Lawyers for the lawsuit and watchdog group Citizens for Responsibility and Ethics in Washington have said that Trump’s actions to change the results of the 2020 election, including his role in the attack on the U.S. Capitol on January 6, 2021, show that he was involved in an uprising. He has been charged by a federal grand jury with obstruction and plot. According to the indictment, Trump told his fans to march to the Capitol.

At first, in November, a lower court judge said that Trump would stay on the primary vote. A judge in Colorado called Trump “engaged in an insurrection,” but she said that Section 3 of the 14th Amendment did not apply to the president.
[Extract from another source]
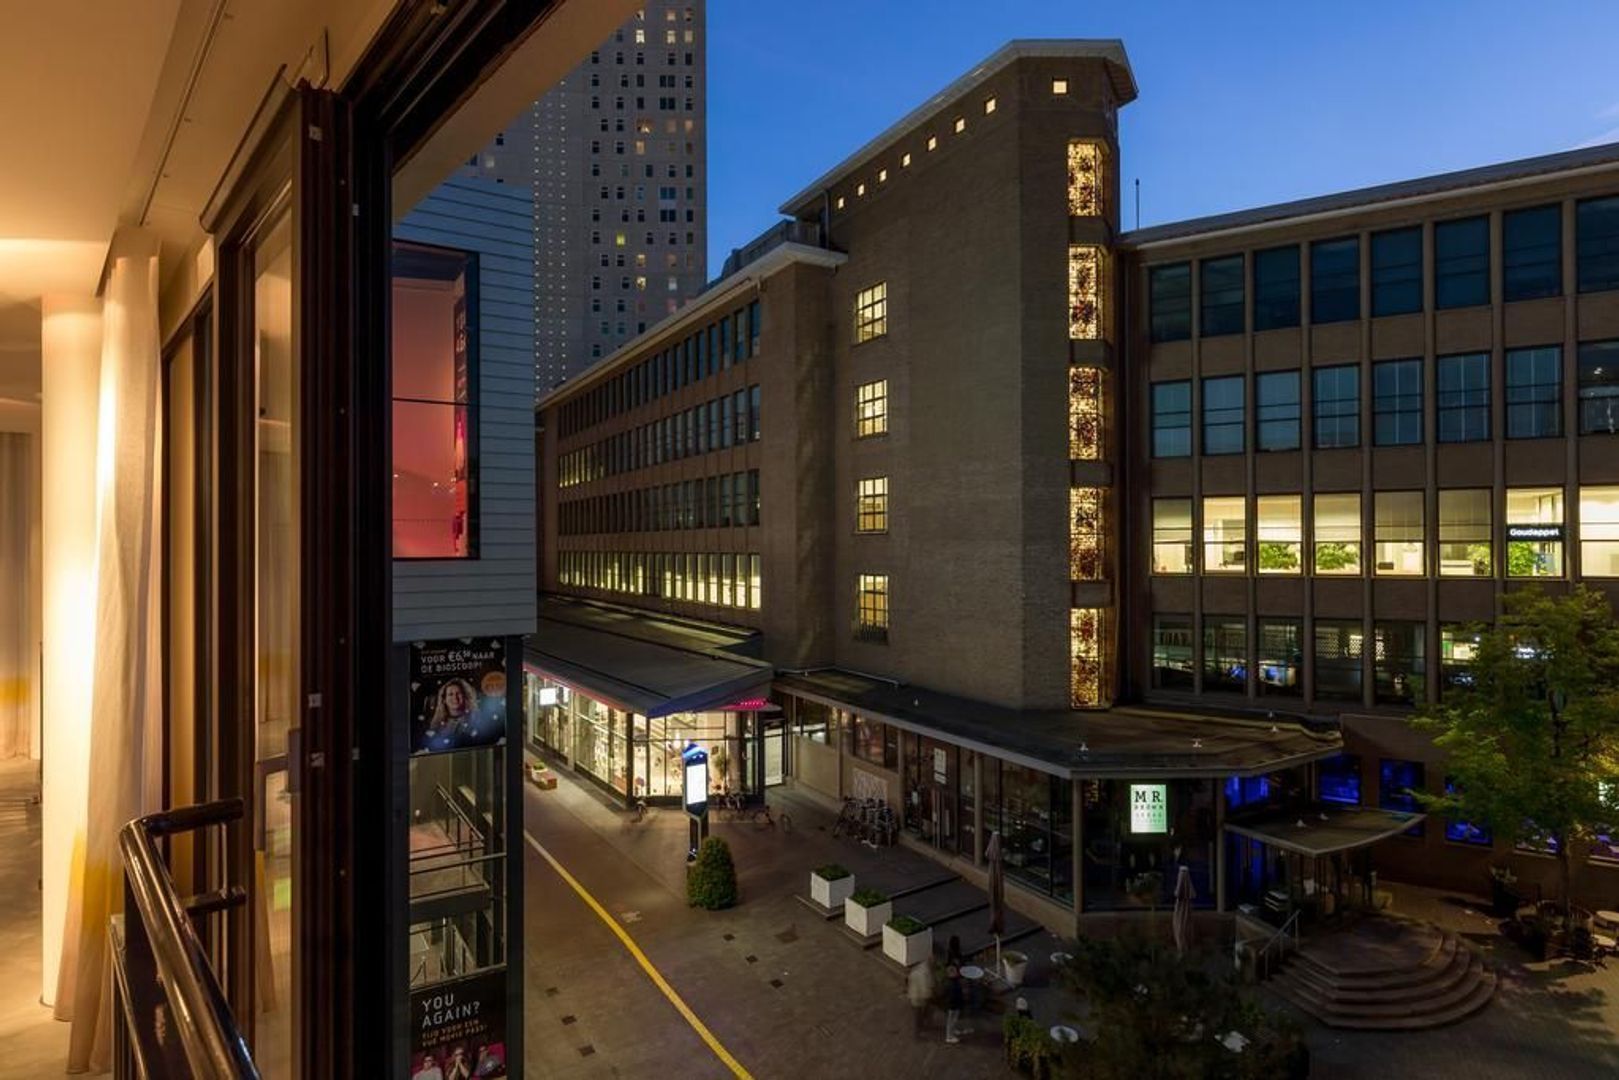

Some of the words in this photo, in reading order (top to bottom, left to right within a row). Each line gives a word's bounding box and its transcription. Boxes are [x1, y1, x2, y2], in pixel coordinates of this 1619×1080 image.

That decision was overturned by the Colorado Supreme Court.

The court wrote, “We do not come to these conclusions without much thought.” “We are aware of how big and important the questions we are facing are.” We are also aware of our solemn duty to follow the law, without fear or favour, and without letting public opinion affect the choices the law requires us to make.

The court put off making a decision until January. This gave Trump time to go to the U.S. Supreme Court with his case.

The following people have contributed: Maureen Groppe, Sudiksha Kochi, John Fritze, Aysha Bagchi, David Jackson, and Orlando Mayorquin.